- Born: c. 1901 Wisconsin, United States
- Died: 1979 (aged 78) Hightstown, New Jersey, United States
- Education: University of Pennsylvania (1921)Harvard Law School (1924)
- Occupation: Securities lawyer
- Employer: U.S. Securities and Exchange Commission
- Allegiance: United States
- Branch: United States Army
- Rank: Colonel
- Conflicts: World War II

= George S. Parlin =

American securities lawyer (c. 1901 – 1979)

George S. Parlin (c. 1901 – 1979) was an American securities lawyer associated with the early development of federal securities regulation in the United States. He served for three decades with the U.S. Securities and Exchange Commission, including as assistant general counsel and assistant regional administrator of the commission's New York office. During World War II he served in the United States Army, attaining the rank of colonel.

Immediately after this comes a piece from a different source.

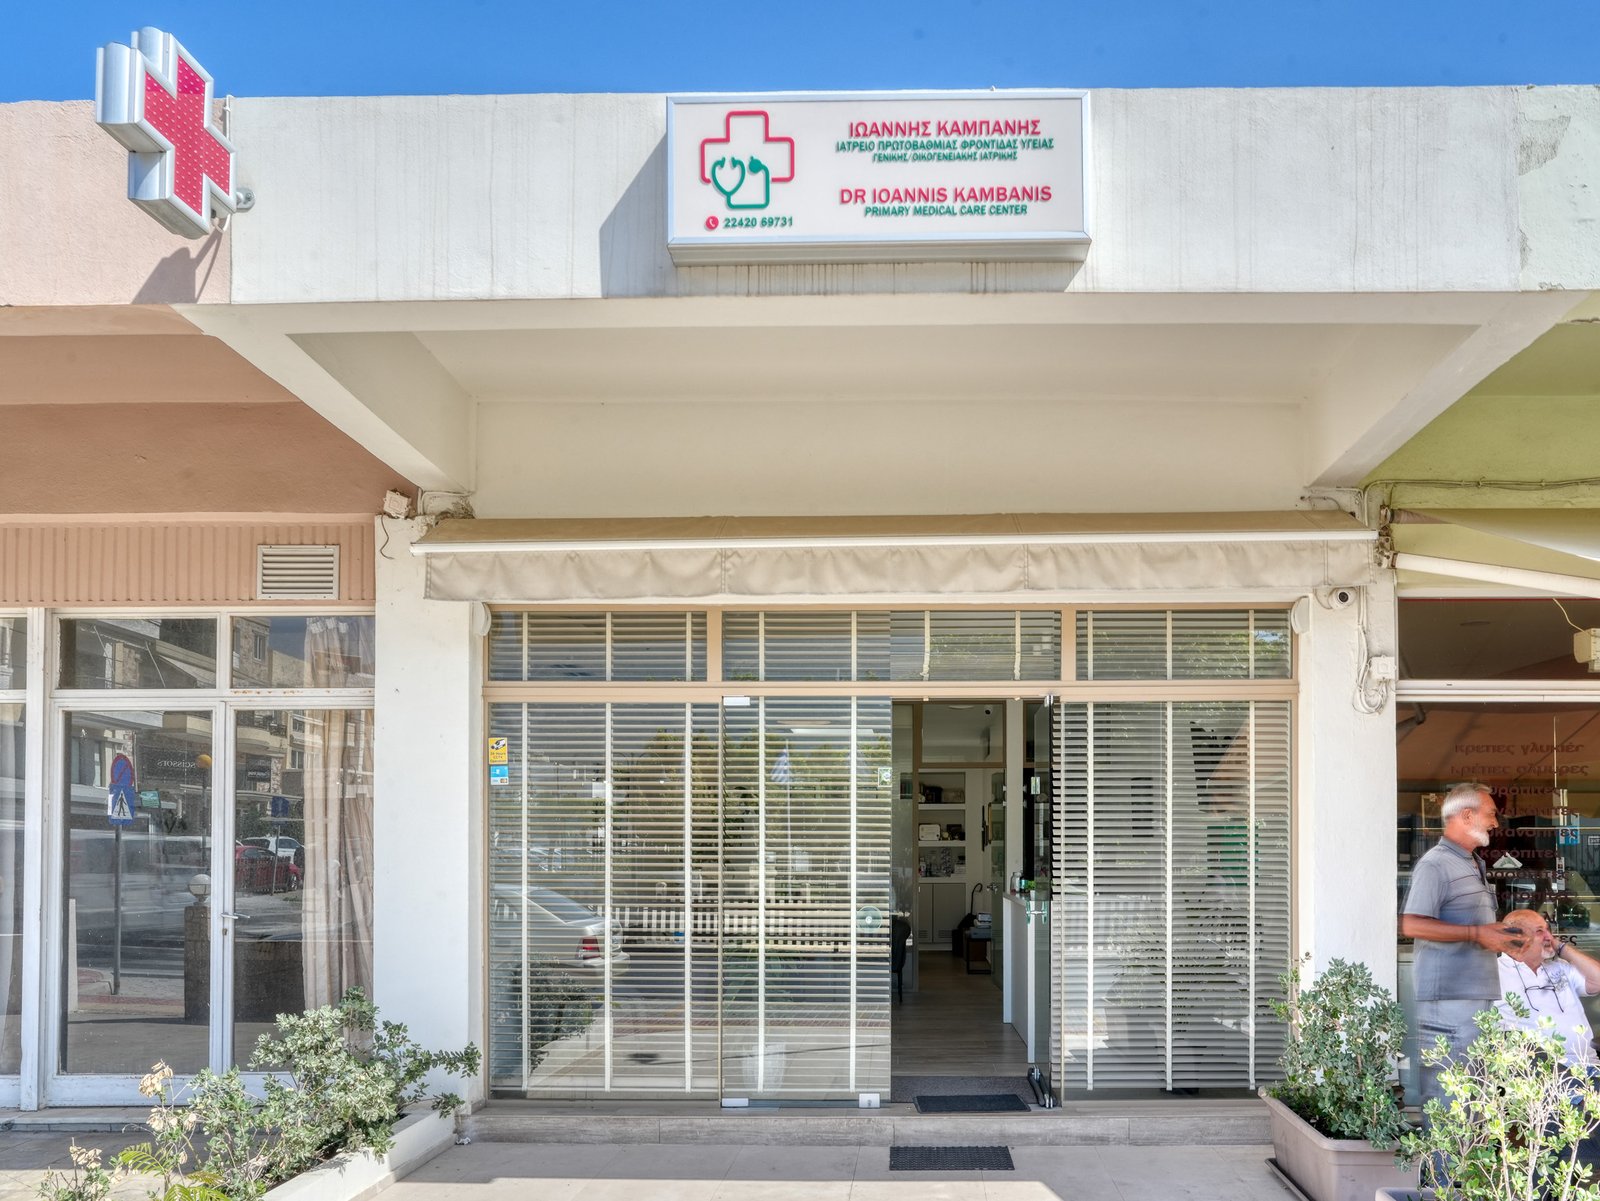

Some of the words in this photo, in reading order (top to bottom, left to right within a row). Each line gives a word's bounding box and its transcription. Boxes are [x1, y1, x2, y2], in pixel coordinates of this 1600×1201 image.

== Early life and education ==
Parlin was born in Wisconsin, son of Daisy (née Blackwood) and Charles Coolidge Parlin. He had a brother Charles and two sisters, Ruth and Grace. His father served with Herbert Hoover in the United States Food Administration during the years of the First World War.

Parlin graduated from the Wharton School of the University of Pennsylvania in 1921 and from Harvard Law School in 1924.

== Legal career ==
After passing the bar examination, Parlin joined the New York corporate law firm Cravath, Henderson, De Gersdorff & Wood, where he practiced for several years. Afterwards, he was affiliated with Cotton and Franklin.

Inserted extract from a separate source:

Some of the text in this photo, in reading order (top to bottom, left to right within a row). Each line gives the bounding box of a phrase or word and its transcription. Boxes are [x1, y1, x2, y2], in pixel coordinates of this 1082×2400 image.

A resident of Glen Ridge, New Jersey, he was appointed in 1935 to a position at the U.S. Securities and Exchange Commission spending a year in Washington, then moving to New York as assistant regional administrator of the commission's New York office.

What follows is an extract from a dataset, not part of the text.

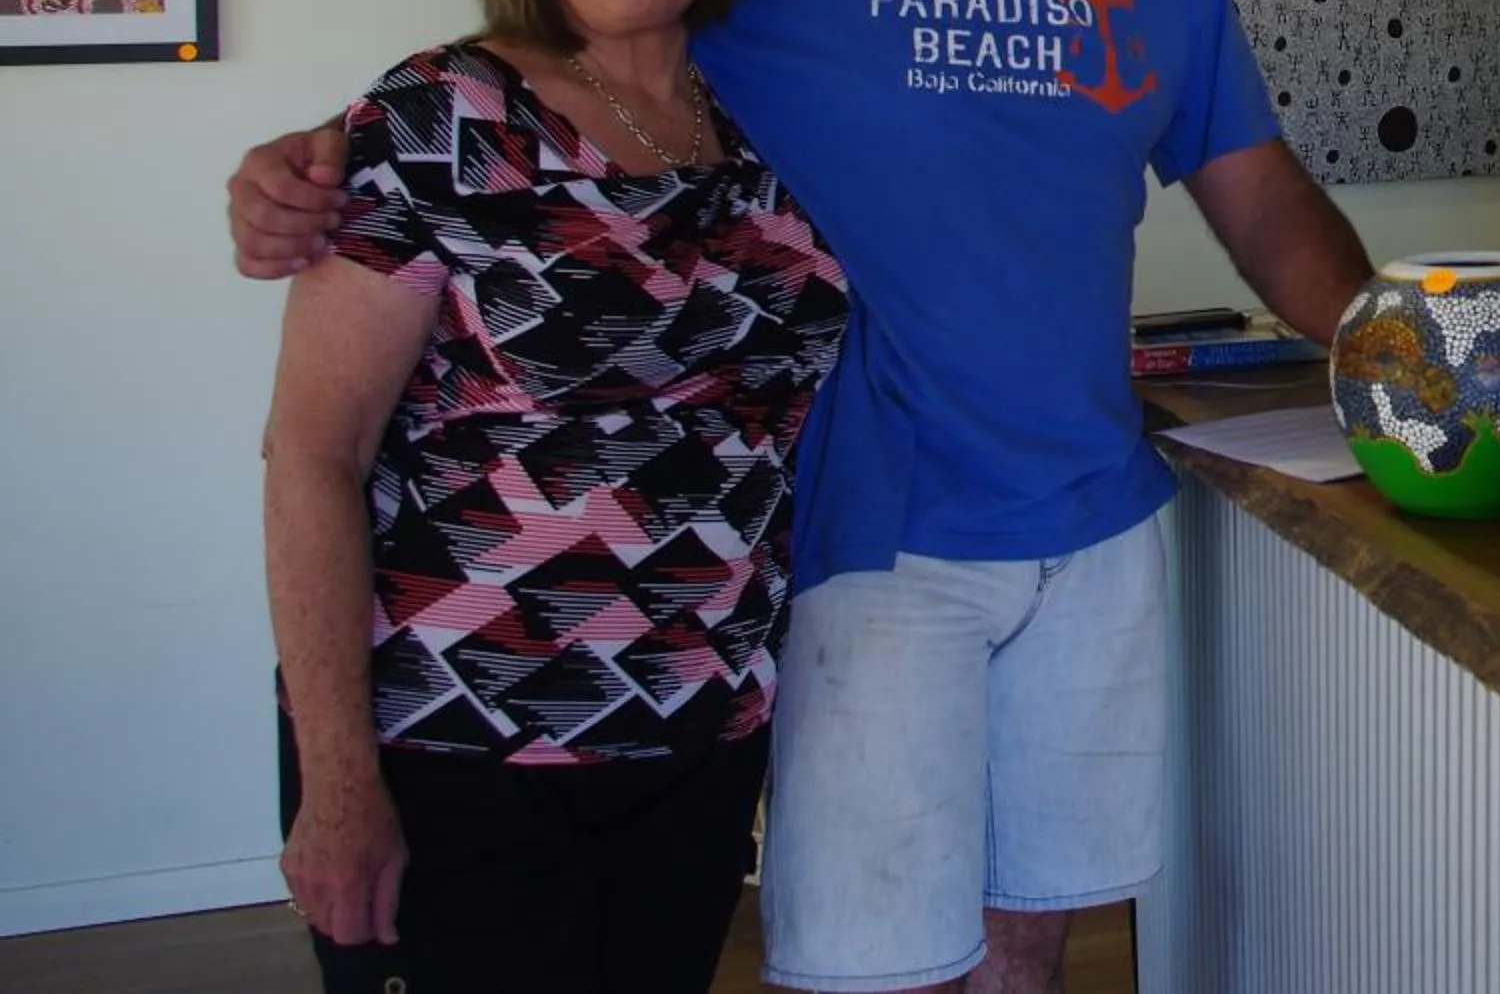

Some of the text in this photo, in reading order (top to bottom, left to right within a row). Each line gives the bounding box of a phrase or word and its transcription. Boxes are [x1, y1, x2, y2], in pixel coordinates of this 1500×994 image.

[913, 27, 1062, 71] BEACH
[907, 68, 1072, 98] Baja California

Over the course of 30 years working at the SEC, he served as a senior interpretive attorney, assistant regional administrator and subsequently became assistant general counsel of the Commission.

==Military service==
During World War II, Parlin served in the rank of major in the United States Army. He was assigned to the Allied Military Government in Rome, later attaining the rank of colonel.

==Personal life==
In 1944, while stationed in Rome during World War II, Parlin's son, Edward, an Eagle Scout, died following a fall during a hiking trip near Lake George, New York.

Parlin lived for many years in the New York City area, moving later to the Meadow Lakes retirement community in Hightstown, New Jersey. His wife, Dorothy Elkcome Parlin, died in 1974.

==Death==
Parlin died in 1979 at the age of 78 at the Meadow Lakes retirement community in Hightstown, New Jersey.